- University: Coppin State University
- Conference: MEAC (primary) NEC (baseball)
- NCAA: Division I
- Athletic director: Derek Carter
- Location: Baltimore, Maryland
- Varsity teams: 14
- Basketball arena: Physical Education Complex
- Baseball stadium: Joe Cannon Stadium
- Nickname: Eagles
- Colors: Blue and gold
- Website: coppinstatesports.com

= Coppin State Eagles =

Intercollegiate sports teams of Coppin State University

The Coppin State Eagles represent Coppin State University, a historically African-American institution in Baltimore, in NCAA Division I sports as members of the Mid-Eastern Athletic Conference.
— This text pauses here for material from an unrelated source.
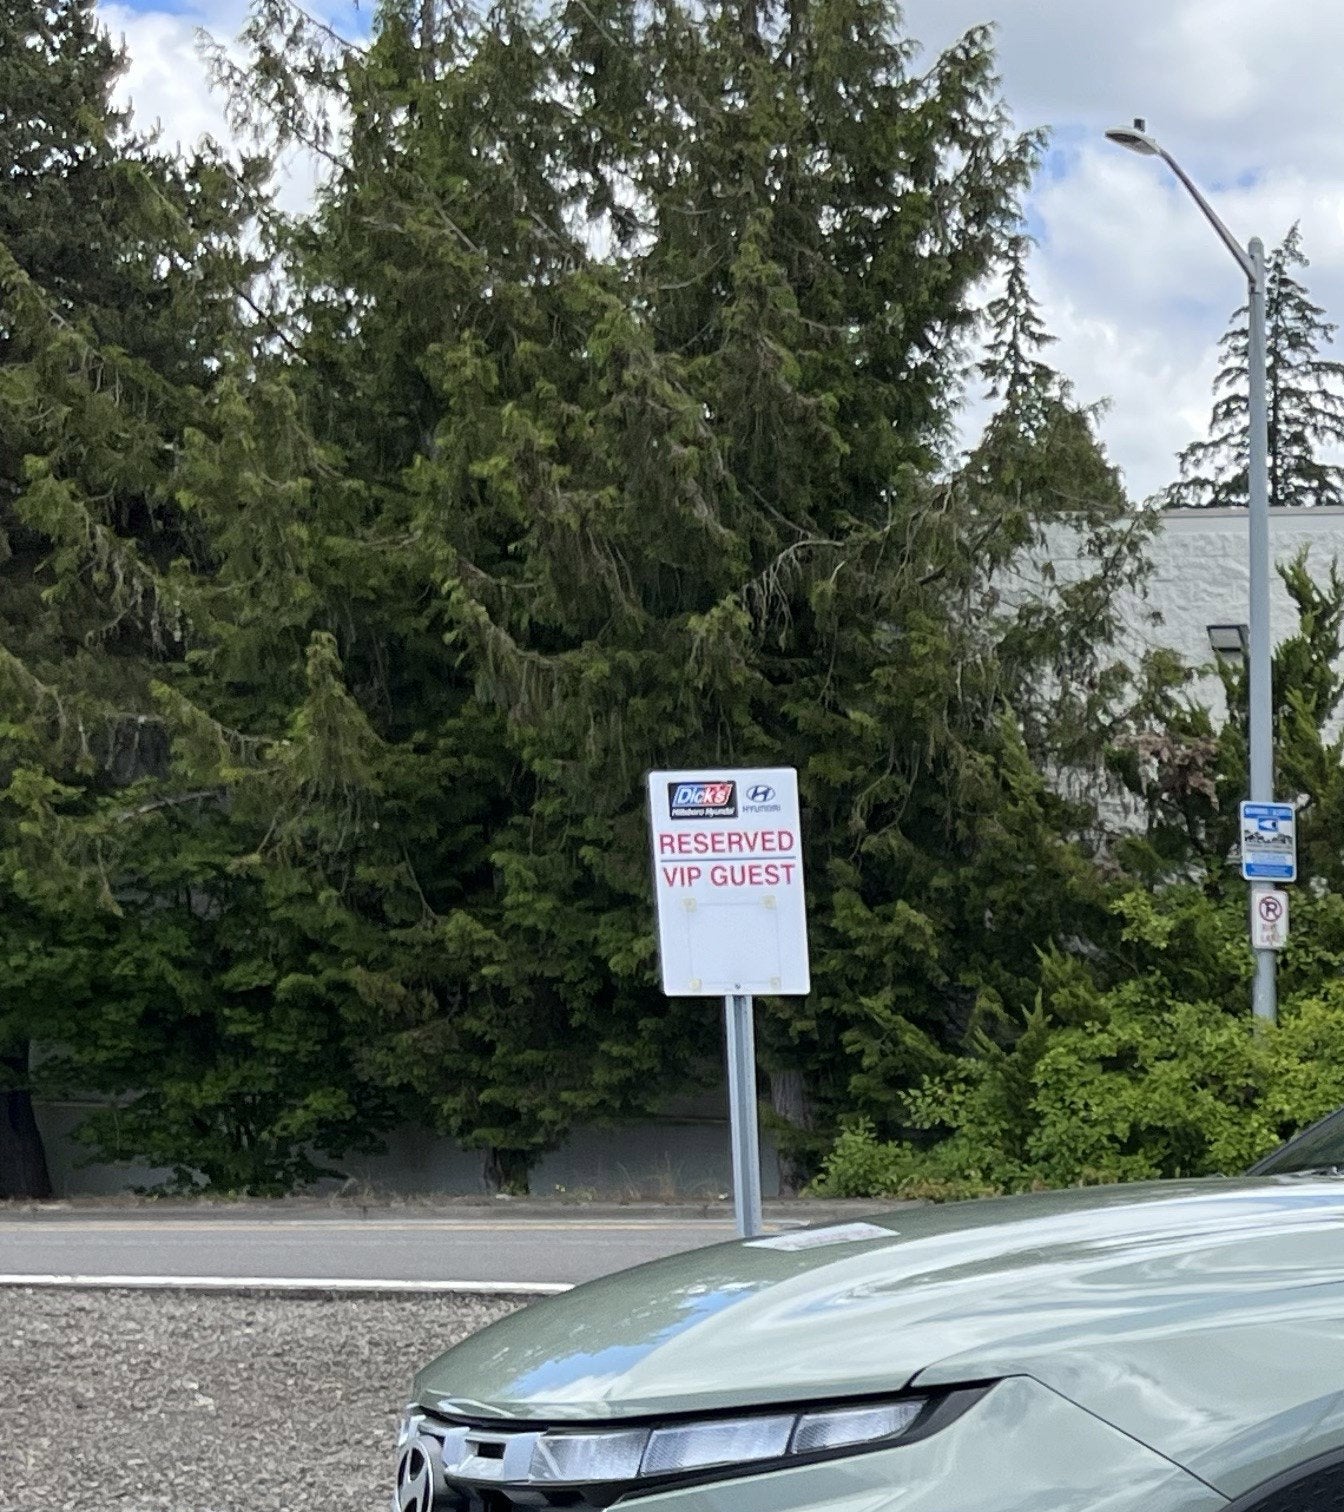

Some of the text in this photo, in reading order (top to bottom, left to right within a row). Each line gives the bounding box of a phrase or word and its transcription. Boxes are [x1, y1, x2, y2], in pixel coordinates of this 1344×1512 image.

[659, 831, 795, 854] RESERVED
[663, 864, 796, 887] VIP GUEST
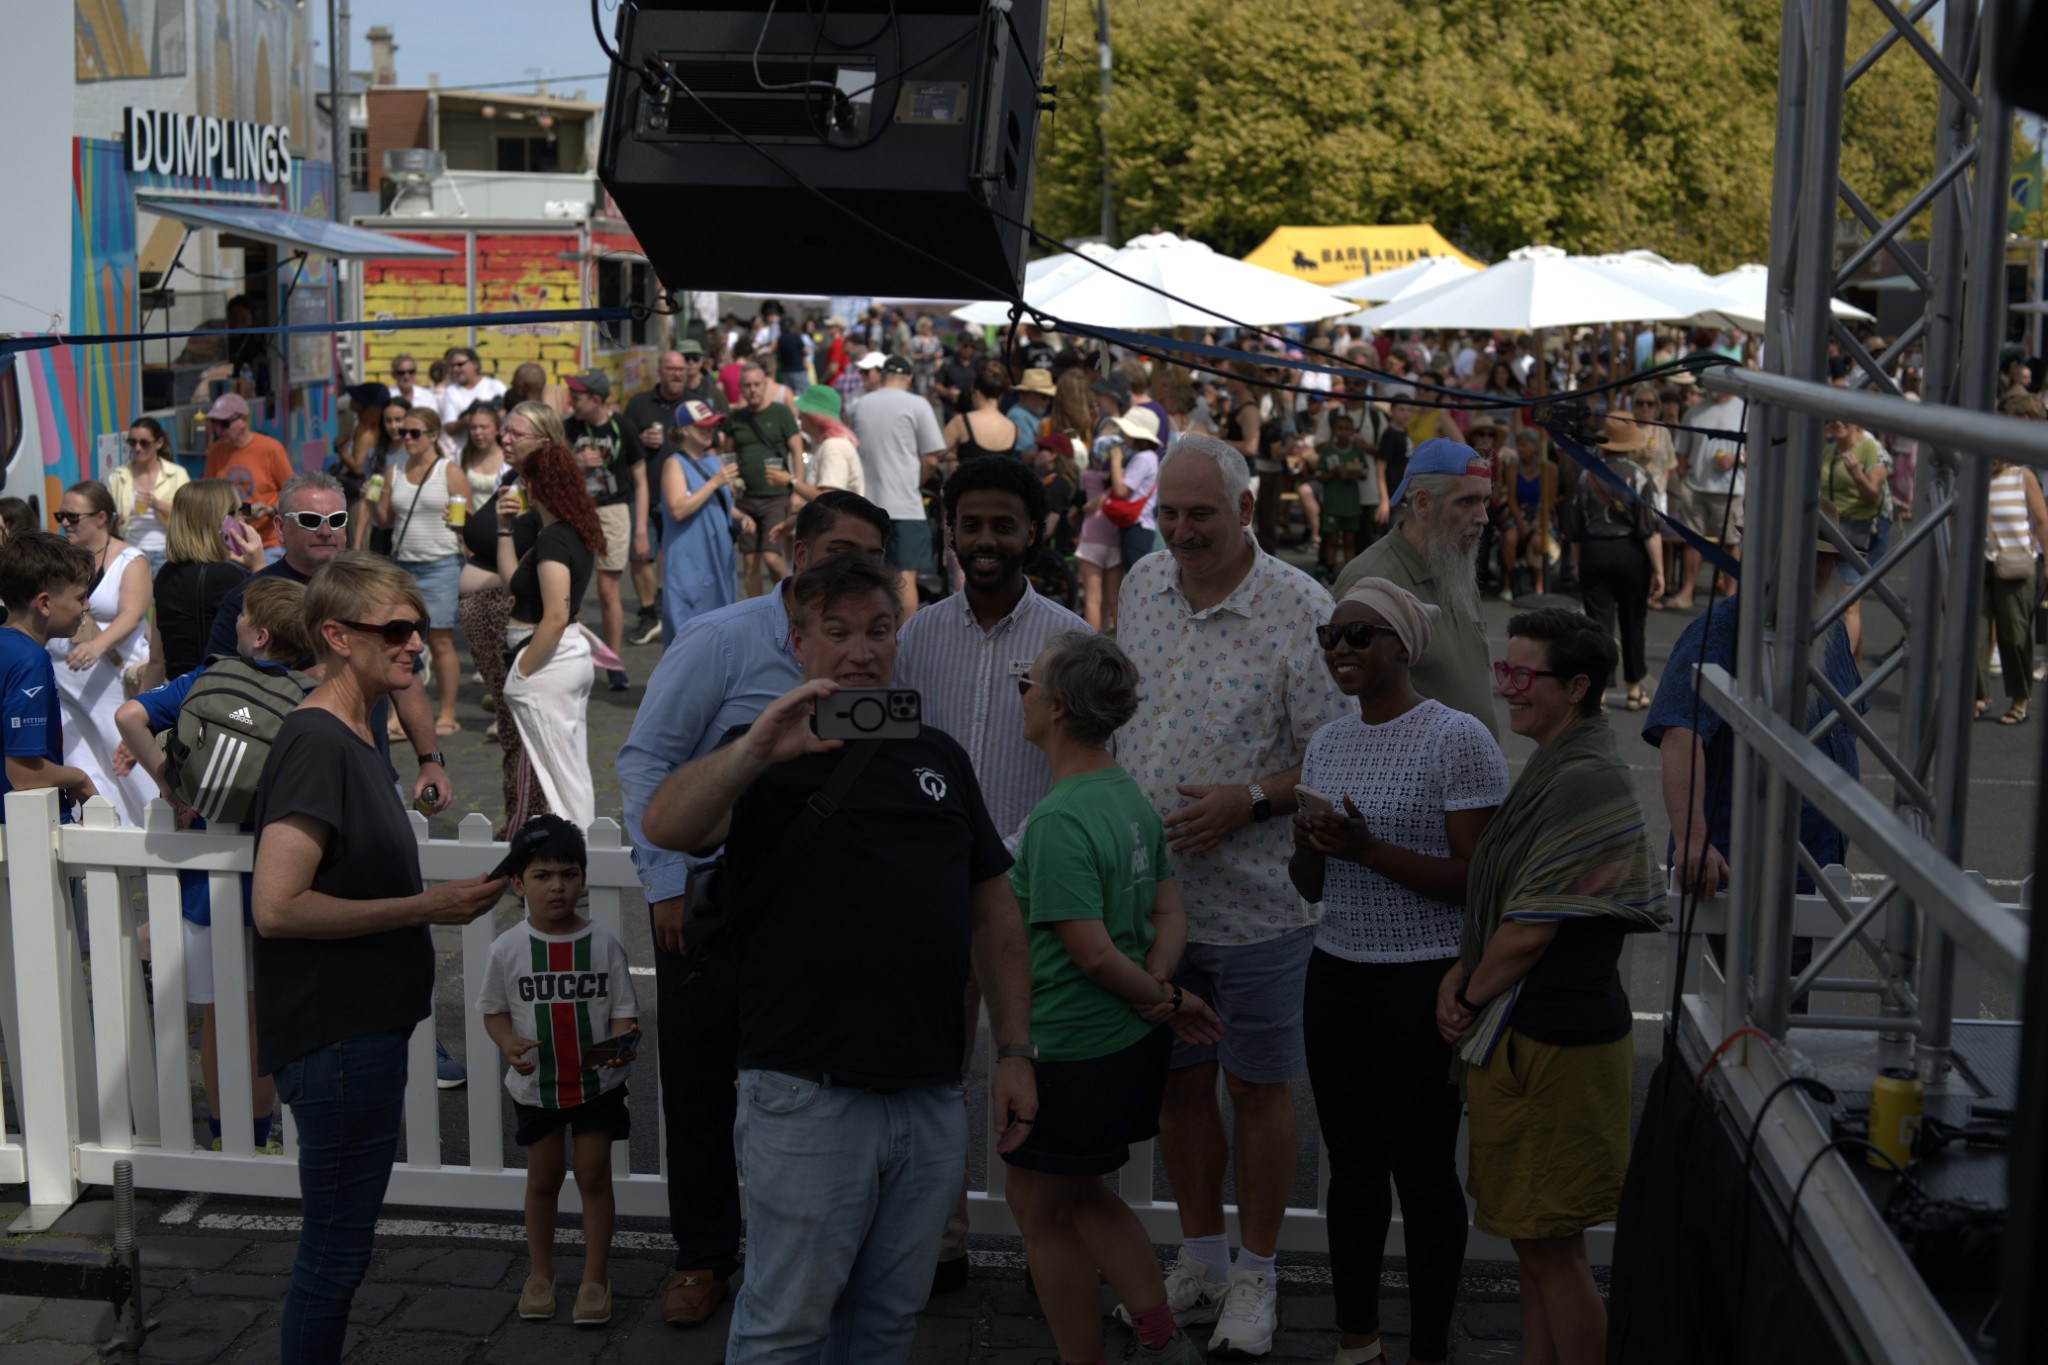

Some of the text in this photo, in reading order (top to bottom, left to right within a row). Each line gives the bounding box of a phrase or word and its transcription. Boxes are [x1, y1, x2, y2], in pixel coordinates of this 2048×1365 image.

The Gold and Blue are represented by fourteen (14) teams, including men's and women's basketball, men's and women's cross country, men's and women's tennis, women's bowling, softball, volleyball, baseball, and both women's and men's indoor and outdoor track and field. They do not have a football team.

==Teams==

| Men's sports | Women's sports |
| Baseball | Basketball |
| Basketball | Bowling |
| Cross Country | Cross Country |
| Tennis | Softball |
| Track and field^{†} | Tennis |
|  | Track and field^{†} |
|  | Volleyball |
† – Track and field includes both indoor and outdoor.